Texas…is a battleground state? The nightmare scenario that Republicans have been trying to fend off could be coming to fruition—which could spell electoral disaster for years to come. On the other hand, it could be that Donald Trump is an outlier, given that a) he’s not really a Republican and b) he’s become incredibly unappealing since the Republican National Convention. Trump seemed to have a path to victory. If the election were held in mid-July, he would have secured 285 electoral votes. That’s not the case anymore. Right now, if Trump were to win the remaining swing states, including Florida and Ohio, Clinton would still beat him. He’s losing—and losing big. Hence, why he decided to shake up his campaign this morning. How bad is it? He’s only leading Clinton by six points in the Lone Star State. It’s possible that deep-red Texas could be an area where Trump has to spend more money than usual, which diverts funds from his strategy to expand the electoral map, which has also failed miserably. He’s losing in New York by 30 points and decided to campaign in Connecticut, which was a colossal waste of time.
Public Policy Polling, a left-leaning outfit, conducted the poll, but the sample size didn’t skew to the Democrats, as with most of their work—this is a R+6 poll. Fifty-one percent of those polled voted for Mitt Romney in the last election, and 66 percent of those polled were over 46 years old; 28 percent were over 65, which is a demographic that skews to the right. Forty-eight percent described themselves as conservative.
Trump should be worrying about two things especially - the first being his tax returns.
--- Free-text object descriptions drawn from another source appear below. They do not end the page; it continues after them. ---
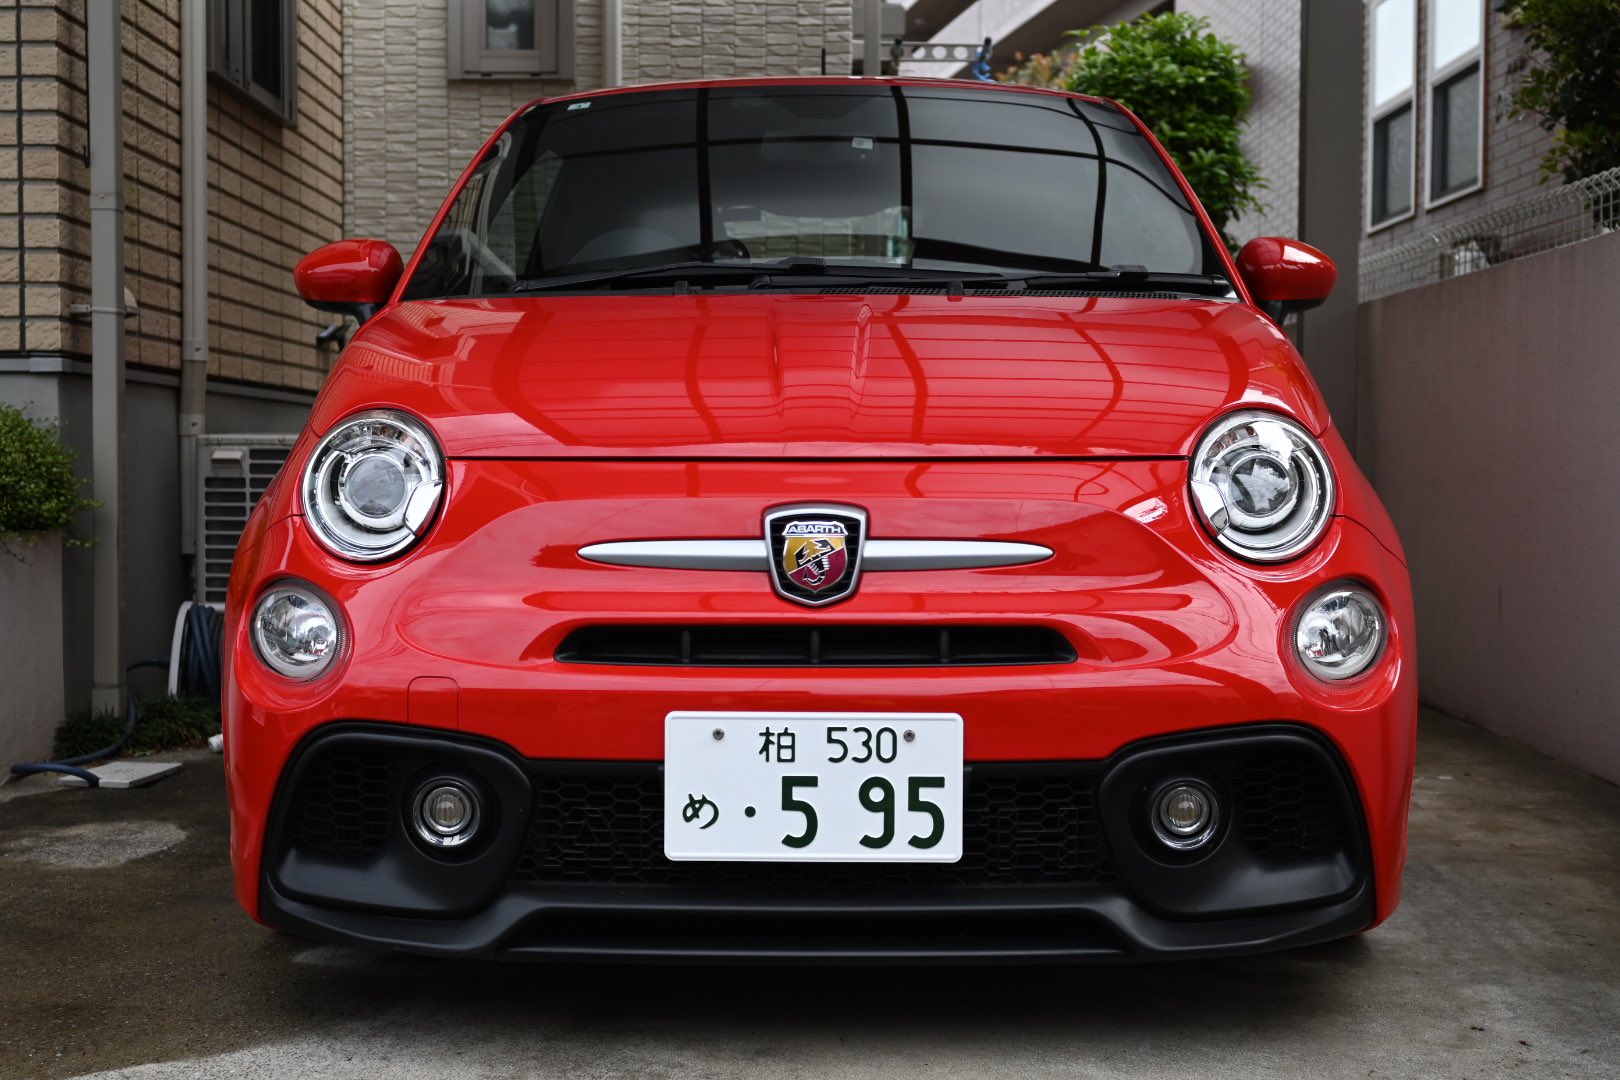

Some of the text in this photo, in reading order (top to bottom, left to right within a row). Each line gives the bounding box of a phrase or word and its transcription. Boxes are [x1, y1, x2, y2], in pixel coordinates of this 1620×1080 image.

[788, 525, 841, 534] ABARTH
[758, 726, 898, 764] 柏 530
[682, 793, 720, 829] め
[858, 775, 946, 849] 95
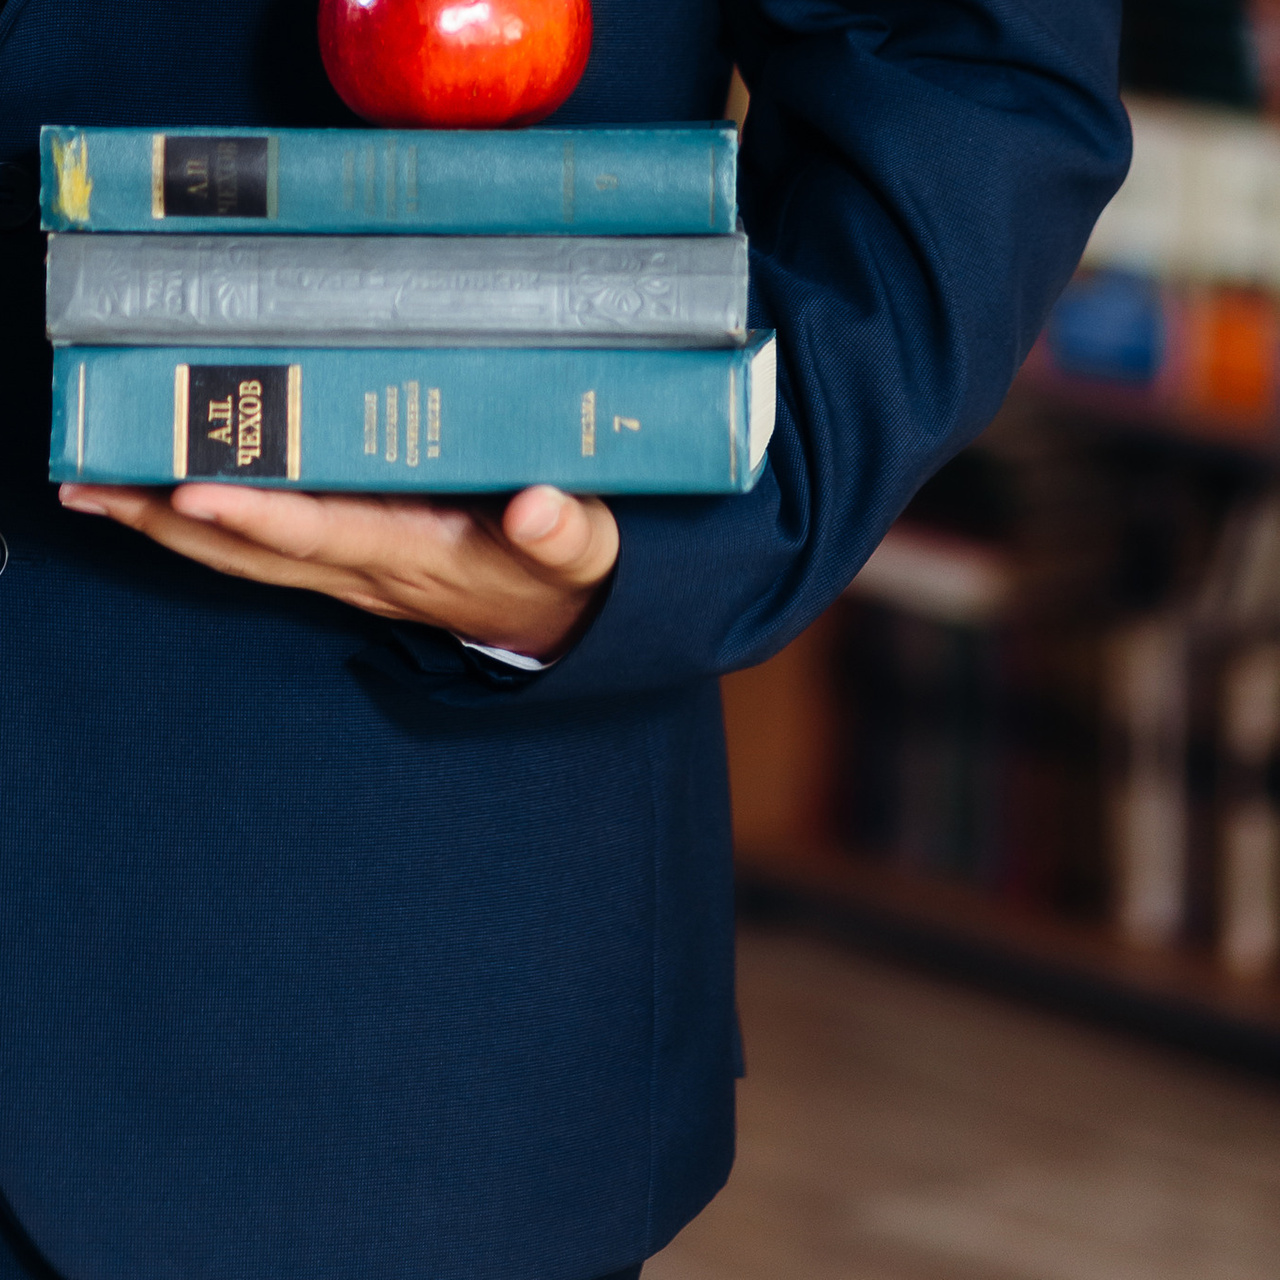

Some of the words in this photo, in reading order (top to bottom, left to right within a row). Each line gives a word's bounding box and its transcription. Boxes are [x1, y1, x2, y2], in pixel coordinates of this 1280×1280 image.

[207, 395, 232, 445] А.П.
[237, 380, 261, 467] ЧЕХОВ
[614, 415, 641, 434] 7
Sixty-four percent felt that he should release his tax returns, while only 10 percent considered themselves undecided. That leaves little room for Trump to ensure a comfortable victory in the Lone Star State, possibly encouraging more Democrats to pour money into local races there to build on gains made by Clinton in the hopes of turning the state blue. No Democrat has been elected to a statewide office since 1994. That’s a long draught, but if Clinton has a strong showing in Texas—it could lead to a massive onslaught in a state that is the largest guaranteed bloc of electoral votes for Republicans in national elections. At the same time, maybe Trump does well here, beats Clinton by 10+ points and kills off this dream of turning Texas blue. Wendy Davis’ 2015 drumming by now-Gov. Greg Abbott shoved a knife through the heart of that project. In comparison, Romney beat Obama here 57/41 in 2012.
Another factor hamstringing Trump is that he isn’t popular in Texas. The silver lining with all of this is that Clinton is in all likelihood going to lose Texas. Texas Monthly said that the state isn’t turning blue anytime soon. I hope so, though this election could change that for the next cycle.
A Democratic victory in Texas this year remains a stretch but within the numbers there are signs of Democrats being positioned to become seriously competitive there in the years ahead. Trump's lead is based entirely on his holding a 63-33 advantage among seniors. With voters under 65, Clinton leads him 49-45. And when you look just specifically at voters under 45, Clinton leads Trump 60-35. Older voters are overwhelmingly responsible for the Republican advantage in Texas, and generational change is likely to help Democrats become more competitive.
A big piece of that generational change is the increasing racial diversity of the electorate in Texas. Trump has a 69/25 lead with white voters but the reason the state's so competitive overall is that among non-white voters Clinton has a 73-21 lead, including a 68-27 edge with the state's booming Hispanic population.
Clinton's unpopular in Texas, as you would expect, with a 36/59 favorability rating. But Trump's not a whole lot better off with only 40% of voters seeing him favorably to 53% with a negative opinion. The tax return issue continues to plague Trump with 64% of voters thinking he needs to release his returns to only 25% who don't think it's necessary for him to. Even Trump's supporters, by a 43/41 spread, think he should release them.